Department of Radiology, Ehime University Graduate School of Medicine, 454 Shitsukawa, Toon, Ehime, 791-0295, Japan.
Department of Radiation Oncology, National Hospital Organization Shikoku Cancer Center, Kou-160, Minami-Umenomoto-Machi, Matsuyama, Ehime, 791-0280, Japan.
Radiat Oncol. 2021 Nov 20;16(1):225. doi: 10.1186/s13014-021-01940-0.
Over the past decades, remarkable advancements in systemic drug therapy have improved the prognosis of patients with bone metastases. Individualization is required in external beam radiotherapy (EBRT) for bone metastases according to the patient's prognosis. To establish individualized EBRT for bone metastases, we investigated factors that affect the local control (LC) of bone metastases.
Between January 2010 and December 2019, 536 patients received EBRT for 751 predominantly osteolytic bone metastases. LC at EBRT sites was evaluated with a follow-up computed tomography. The median EBRT dose was biologically effective dose (BED) (39.0) (range of BED: 14.4-71.7 Gy).
The median follow-up time and median time of computed tomography follow-up were 11 (range 1-123) months and 6 (range 1-119) months, respectively. The 0.5- and 1-year overall survival rates were 73% and 54%, respectively. The 0.5- and 1-year LC rates were 83% and 79%, respectively. In multivariate analysis, higher age (≥ 70 years), non-vertebral bone metastases, unfavorable primary tumor sites (esophageal cancer, colorectal cancer, hepatobiliary/pancreatic cancer, renal/ureter cancer, sarcoma, melanoma, and mesothelioma), lower EBRT dose (BED < 39.0 Gy), and non-administration of bone-modifying agents (BMAs)/antineoplastic agents after EBRT were significantly unfavorable factors for LC of bone metastases. There was no statistically significant difference in the LC between BED = 39.0 and BED > 39.0 Gy.

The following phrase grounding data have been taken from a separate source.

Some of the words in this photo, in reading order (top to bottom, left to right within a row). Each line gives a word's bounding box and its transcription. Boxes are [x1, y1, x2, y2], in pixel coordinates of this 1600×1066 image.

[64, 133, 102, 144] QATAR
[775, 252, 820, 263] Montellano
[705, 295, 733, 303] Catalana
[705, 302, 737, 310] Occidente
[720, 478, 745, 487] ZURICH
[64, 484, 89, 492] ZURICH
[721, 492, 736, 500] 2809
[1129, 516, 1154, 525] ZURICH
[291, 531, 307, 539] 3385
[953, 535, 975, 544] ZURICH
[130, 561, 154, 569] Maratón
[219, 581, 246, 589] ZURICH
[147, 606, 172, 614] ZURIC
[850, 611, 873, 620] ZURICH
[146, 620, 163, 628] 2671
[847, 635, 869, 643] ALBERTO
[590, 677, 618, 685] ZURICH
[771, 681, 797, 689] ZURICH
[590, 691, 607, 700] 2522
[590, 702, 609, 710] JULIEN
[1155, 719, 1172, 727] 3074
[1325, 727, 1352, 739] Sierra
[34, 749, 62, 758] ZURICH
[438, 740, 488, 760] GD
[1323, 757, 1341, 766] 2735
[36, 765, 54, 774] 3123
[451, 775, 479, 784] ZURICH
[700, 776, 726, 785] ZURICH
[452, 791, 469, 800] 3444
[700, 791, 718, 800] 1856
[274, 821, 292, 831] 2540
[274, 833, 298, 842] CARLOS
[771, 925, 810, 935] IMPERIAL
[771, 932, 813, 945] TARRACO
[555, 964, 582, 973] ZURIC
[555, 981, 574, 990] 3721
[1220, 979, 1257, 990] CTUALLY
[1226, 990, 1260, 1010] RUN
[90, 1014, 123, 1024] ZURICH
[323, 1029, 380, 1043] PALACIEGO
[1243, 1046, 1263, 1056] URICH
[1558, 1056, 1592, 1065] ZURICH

Regarding tumor-related factors, primary tumor sites and the sites of bone metastases were significant for the LC. As for treatment-related factors, lower EBRT doses (BED < 39.0 Gy) and non-administration of BMAs/antineoplastic agents after EBRT were associated with poor LC. Dose escalation from BED = 39.0 Gy did not necessarily improve LC.

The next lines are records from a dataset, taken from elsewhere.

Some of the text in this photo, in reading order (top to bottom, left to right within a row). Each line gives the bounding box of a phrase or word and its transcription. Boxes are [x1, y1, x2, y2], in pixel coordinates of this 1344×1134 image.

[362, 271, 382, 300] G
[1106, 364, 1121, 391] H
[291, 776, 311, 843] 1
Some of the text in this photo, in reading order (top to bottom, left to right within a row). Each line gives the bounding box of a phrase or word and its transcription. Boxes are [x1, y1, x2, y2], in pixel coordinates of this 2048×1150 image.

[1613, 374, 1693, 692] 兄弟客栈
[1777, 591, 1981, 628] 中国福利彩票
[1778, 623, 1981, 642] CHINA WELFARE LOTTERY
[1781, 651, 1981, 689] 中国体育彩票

在过去的几十年中,全身性药物治疗的显著进步改善了骨转移患者的预后。根据患者的预后,骨转移的外照射放疗(EBRT)需要个体化。为了为骨转移建立个体化的 EBRT,我们研究了影响骨转移局部控制(LC)的因素。
2010 年 1 月至 2019 年 12 月,536 例患者接受了 751 例主要为溶骨性骨转移的 EBRT。用随访 CT 评估 EBRT 部位的 LC。中位 EBRT 剂量为生物有效剂量(BED)(39.0)(BED 范围:14.4-71.7 Gy)。

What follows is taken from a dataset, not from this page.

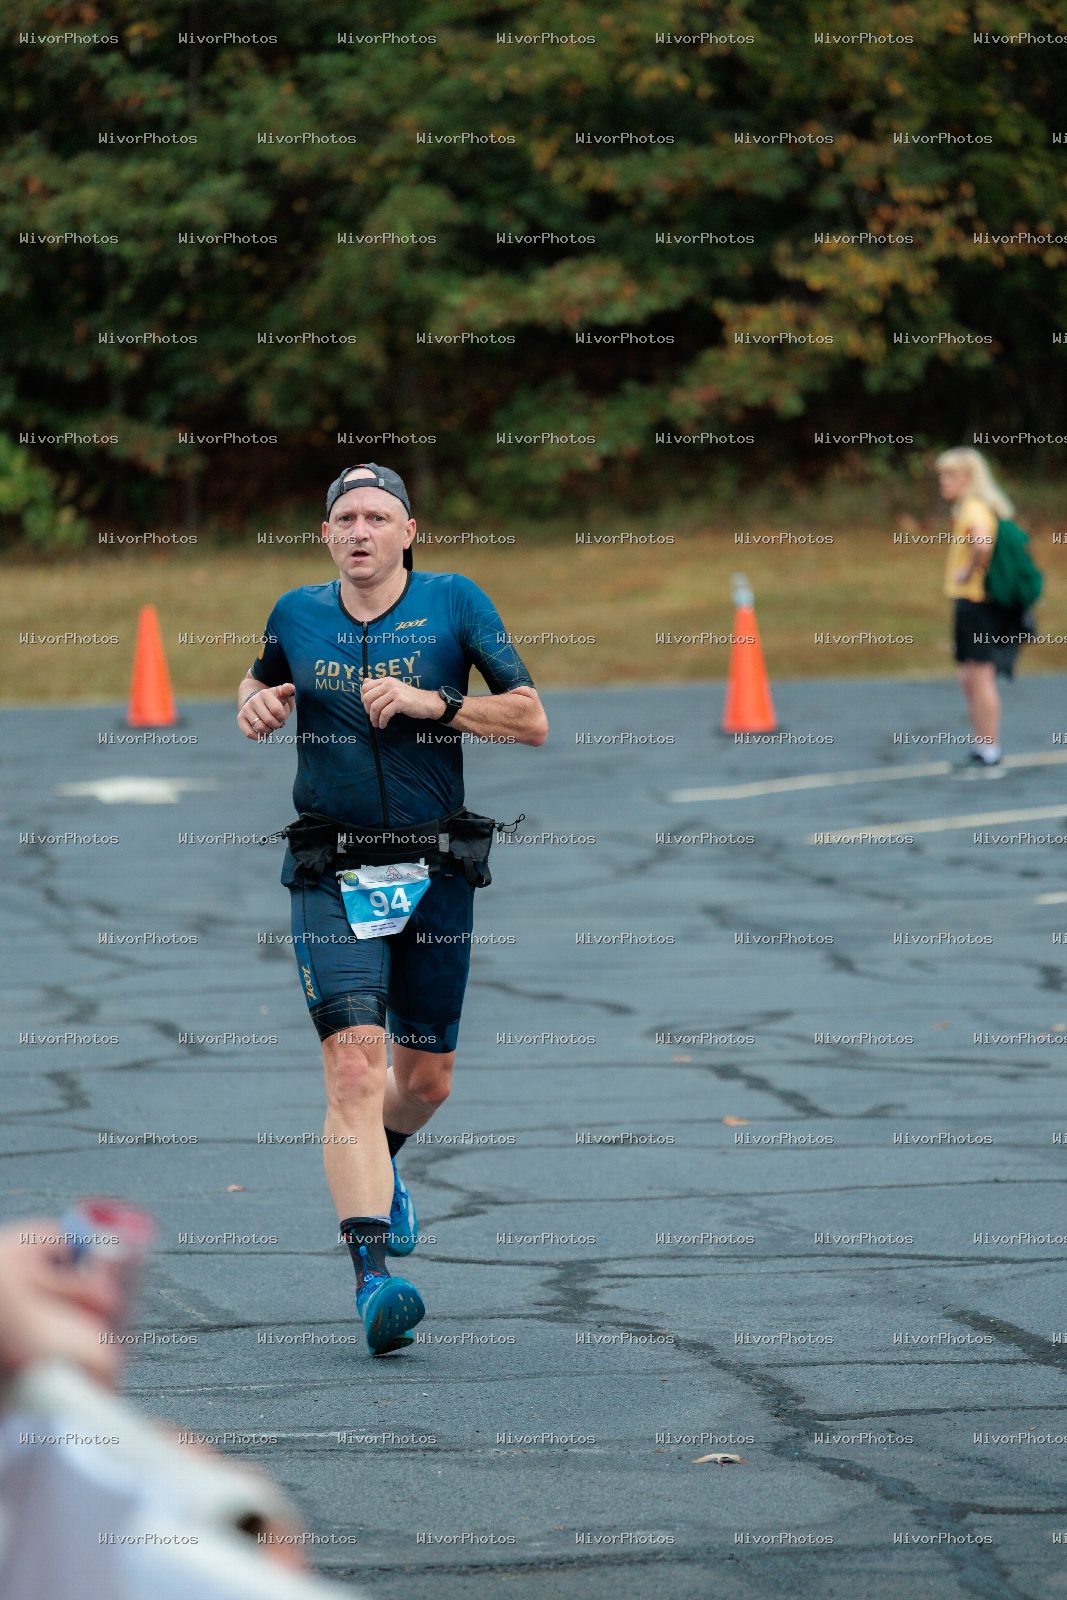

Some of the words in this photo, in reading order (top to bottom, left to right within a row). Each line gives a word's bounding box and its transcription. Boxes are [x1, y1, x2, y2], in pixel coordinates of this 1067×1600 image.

中位随访时间和中位 CT 随访时间分别为 11 个月(范围 1-123 个月)和 6 个月(范围 1-119 个月)。0.5 年和 1 年总生存率分别为 73%和 54%。0.5 年和 1 年的 LC 率分别为 83%和 79%。多变量分析显示,年龄较大(≥70 岁)、非脊柱骨转移、原发肿瘤部位不良(食管癌、结直肠癌、肝胆胰癌、肾/输尿管癌、肉瘤、黑色素瘤和间皮瘤)、EBRT 剂量较低(BED<39.0 Gy)和 EBRT 后未使用骨修饰剂(BMAs)/抗肿瘤药物是骨转移 LC 的不利因素。BED=39.0 Gy 和 BED>39.0 Gy 之间的 LC 没有统计学上的显著差异。
就肿瘤相关因素而言,原发肿瘤部位和骨转移部位对 LC 有重要意义。至于治疗相关因素,较低的 EBRT 剂量(BED<39.0 Gy)和 EBRT 后未使用 BMAs/抗肿瘤药物与较差的 LC 相关。从 BED=39.0 Gy 增加剂量不一定能提高 LC。